_What the task requires_: The whole listing, except its pictures, is to be repeated exactly.

_Data provided_:
===

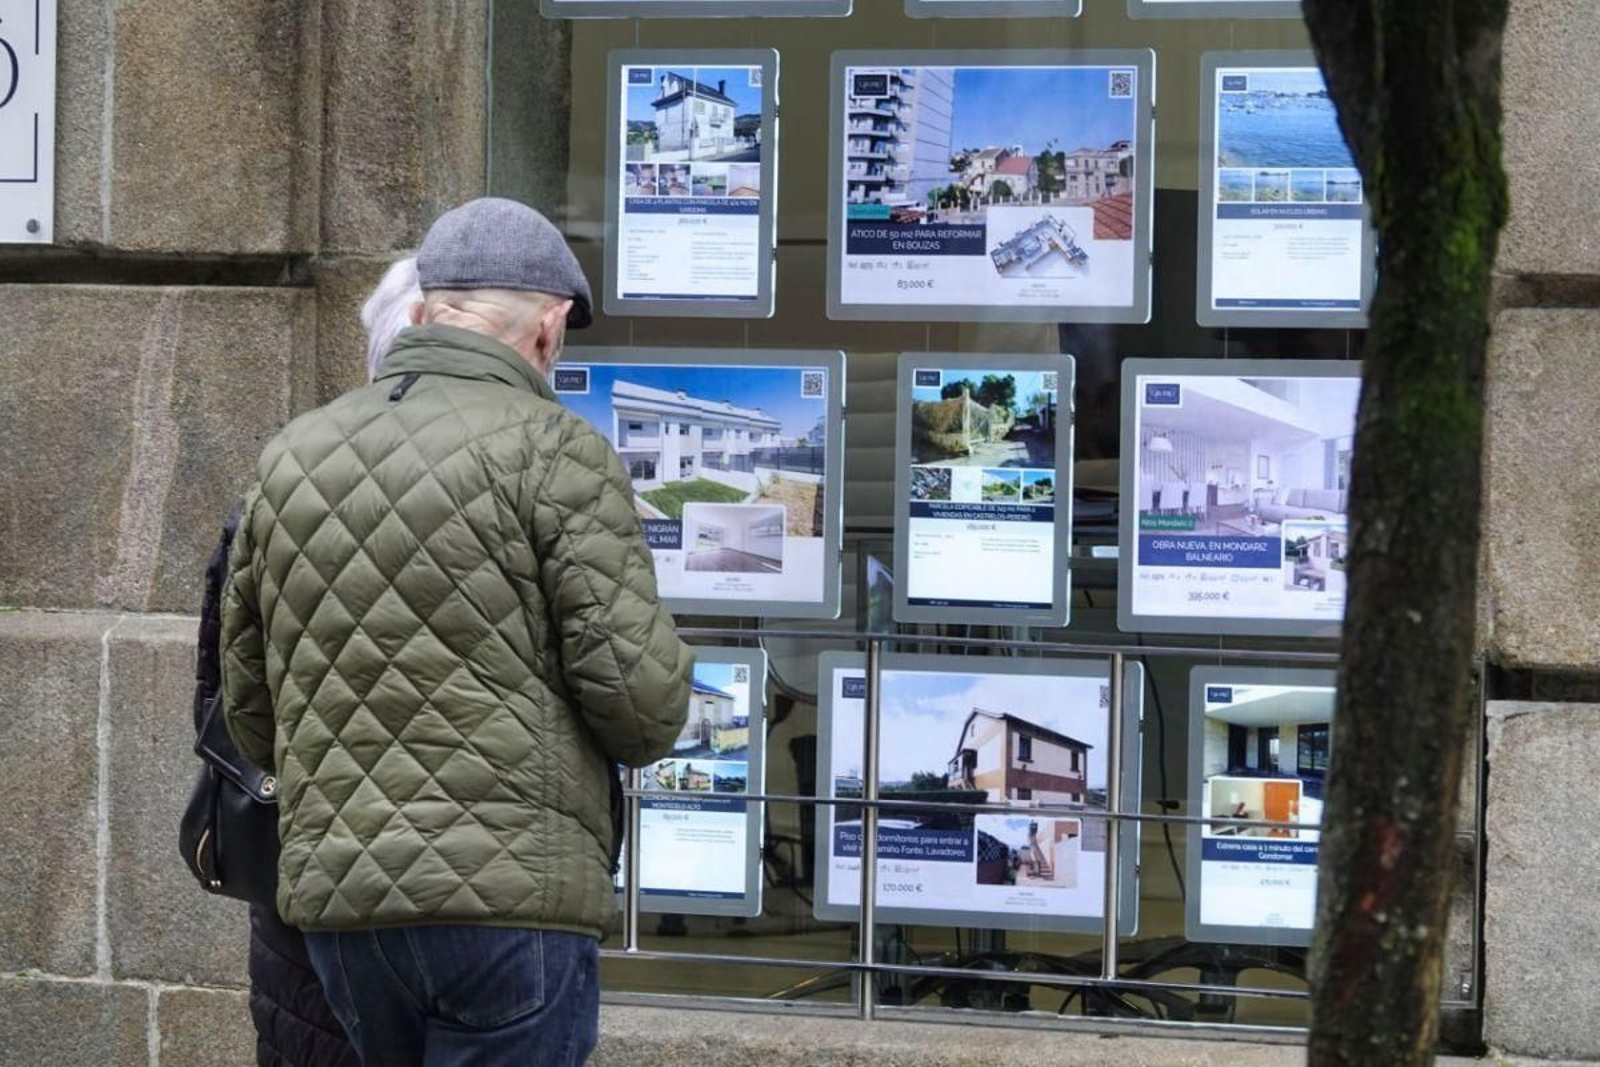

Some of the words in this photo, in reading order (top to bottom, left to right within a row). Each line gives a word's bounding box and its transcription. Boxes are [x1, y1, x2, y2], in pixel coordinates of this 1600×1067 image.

[876, 229, 889, 239] DE
[914, 229, 937, 239] PARA
[938, 229, 982, 239] REFORMAR
[892, 240, 905, 250] EN
[906, 240, 941, 250] BOUZAS
[927, 279, 935, 288] €
[660, 535, 678, 544] MAR
[1152, 540, 1175, 549] OBRA
[1208, 542, 1221, 551] EN
[1223, 542, 1268, 551] MONDARIZ
[1185, 553, 1234, 562] BALNEARIO
[1223, 591, 1230, 600] €
[839, 831, 856, 841] Piso
[920, 837, 938, 846] para
[915, 883, 924, 893] €

===

_Solution for this exercise_:
Some of the words in this photo, in reading order (top to bottom, left to right within a row). Each line gives a word's bounding box and its transcription. Boxes are [x1, y1, x2, y2], in pixel coordinates of this 1600×1067 image.

[876, 229, 889, 239] DE
[914, 229, 937, 239] PARA
[938, 229, 982, 239] REFORMAR
[892, 240, 905, 250] EN
[906, 240, 941, 250] BOUZAS
[927, 279, 935, 288] €
[660, 535, 678, 544] MAR
[1152, 540, 1175, 549] OBRA
[1208, 542, 1221, 551] EN
[1223, 542, 1268, 551] MONDARIZ
[1185, 553, 1234, 562] BALNEARIO
[1223, 591, 1230, 600] €
[839, 831, 856, 841] Piso
[920, 837, 938, 846] para
[915, 883, 924, 893] €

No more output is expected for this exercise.